We present electron microprobe and laser ablation microprobe (LAM) data for a range of high field strength (Zr, Nb, Mo, Sn, Sb, Hf, Ta, W) and other trace elements (Al, Si, Ca, V, Cr, Mn, Fe, Pb, Th, U) in rutile from eclogites and garnet mica schists from Trescolmen, Central Alps. Most analysed rutiles are homogeneous (at least for Nb, Cr, W, Zr, V and Fe), both on a single grain scale and between grains from a single thin section. Concentrations of V, Zr, Nb, Sb and W determined by both electron and laser ablation microprobe techniques yield similar results and confirm the reliability of the analytical methods within estimated precision. Measurements of trace element contents of coexisting phases in eclogites and their modal abundances show that rutile is the dominant carrier (>90% of whole rock content) for Ti, Nb, Sb, Ta and W as well as an important carrier (5–45% of the whole rock content) for V, Cr, Mo and Sn.
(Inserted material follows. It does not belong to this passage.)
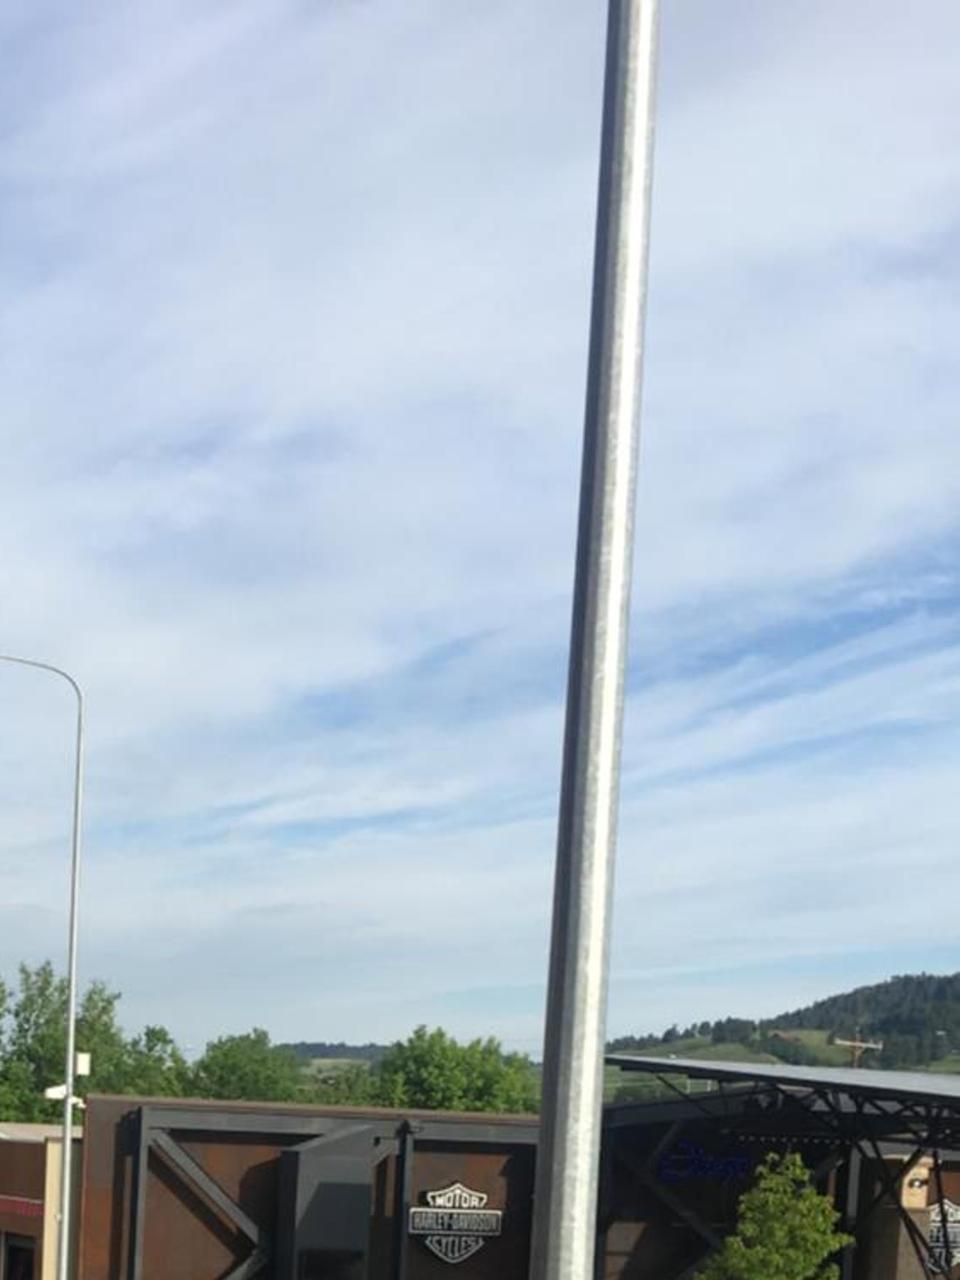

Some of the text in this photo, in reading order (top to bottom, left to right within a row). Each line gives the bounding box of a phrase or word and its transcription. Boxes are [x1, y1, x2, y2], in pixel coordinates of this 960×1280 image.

[435, 1189, 480, 1208] MOTOR
[413, 1211, 498, 1231] HARLEY-DAVIDSON
[432, 1235, 477, 1257] CYCLES
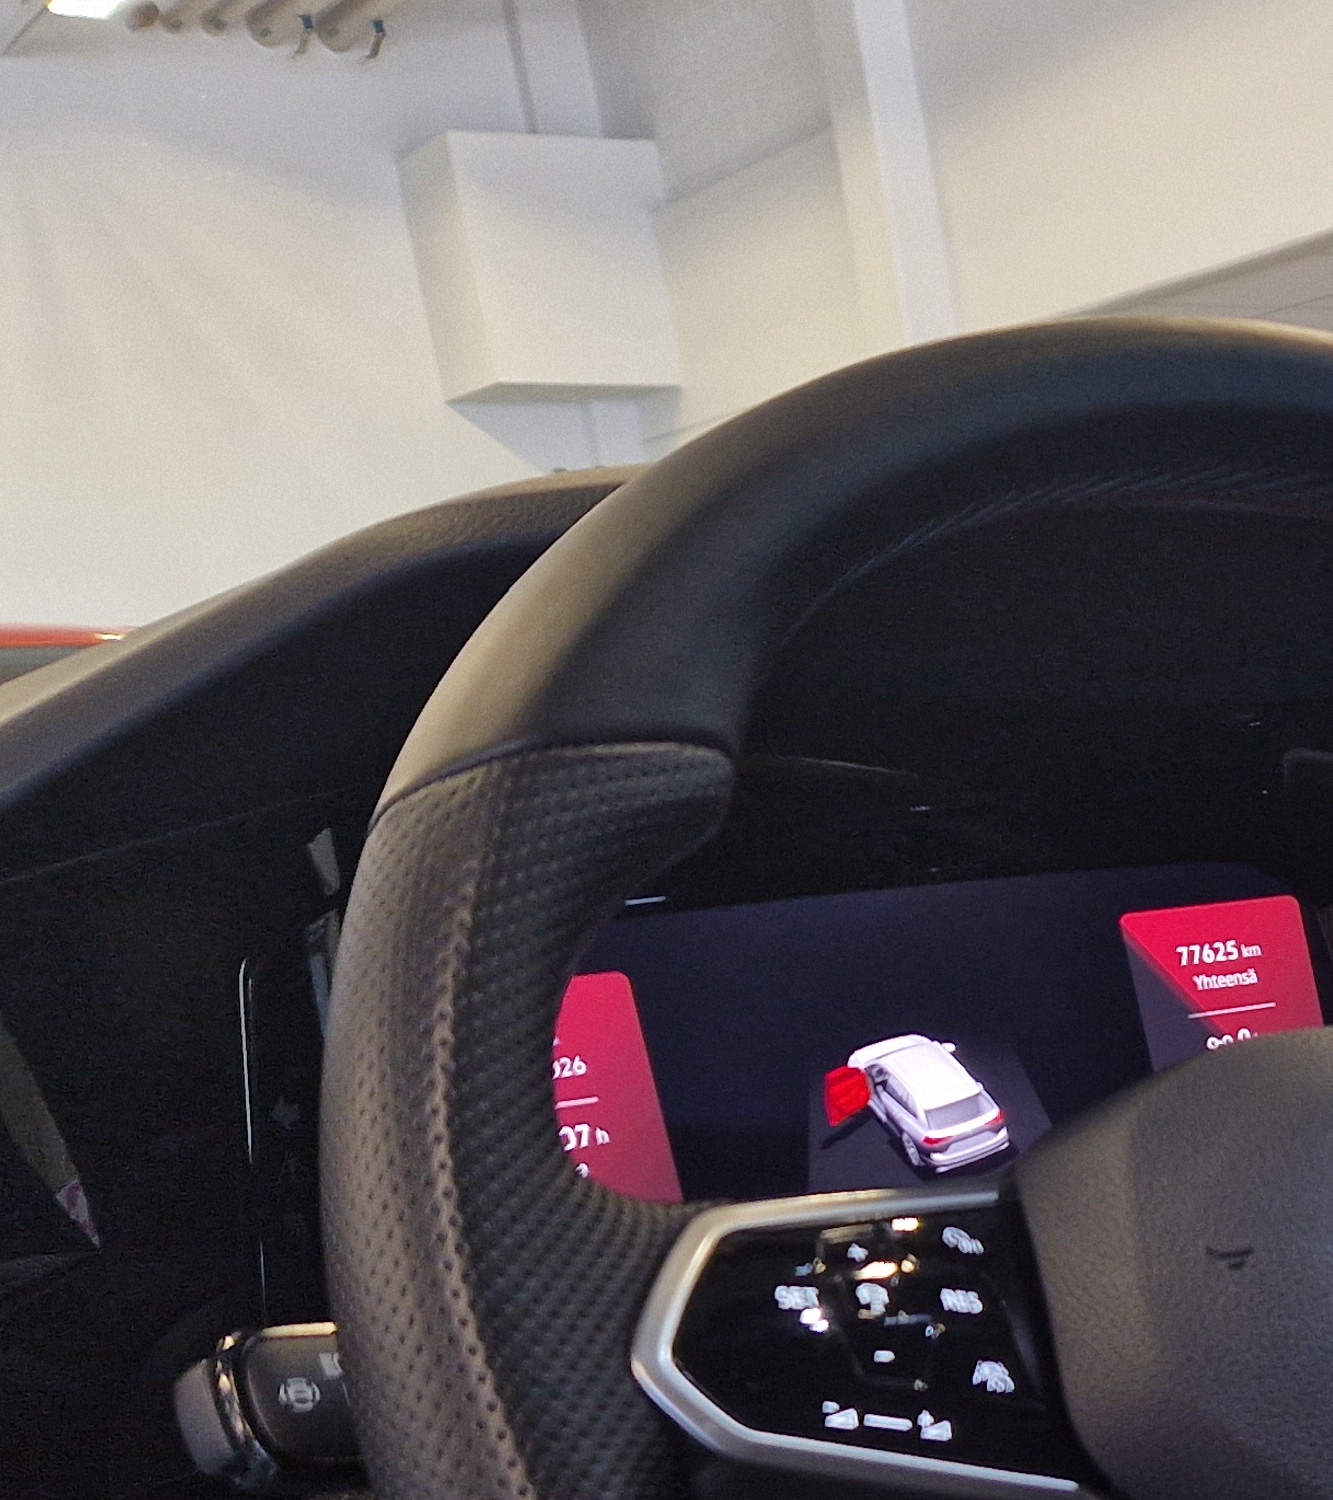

The crystallographic implications are that, for relatively rigid crystal sites such as in rutile, trace elements with a similar ionic radius are preferred over trace elements with the same charge but deviating size. Our results demonstrate the utility of rutile chemistry in the following applications: (1) By using a combination of the measured TiO 2 content of the whole rock and the trace element concentration of rutile, precise whole rock data on elements that are either difficult to analyze by conventional techniques such as XRF or solution ICP-MS (Nb, Sb, Ta, W) or may be susceptible to late stage alteration (Sb) can be estimated. (2) Trace element contents of detrital rutile grains are a potentially powerful tool for sedimentary provenance studies since they reflect key element ratios (e.g., Nb/TiO 2 and Cr/TiO 2) of their source rocks. In addition, measurements of trace elements in detrital rutiles might help distinguish possible source rocks, e.g., high-grade metamorphic rocks such as eclogites and high-pressure granulites from hydrothermal ore deposits and kimberlites. In view of the dominance of rutile in the Sb budget of subducting oceanic crust, and the enrichment of Sb in the slab component of subduction zones, additional experimental studies on Sb-partitioning between rutile and fluid are needed in order to understand the behaviour of Sb in subduction zones.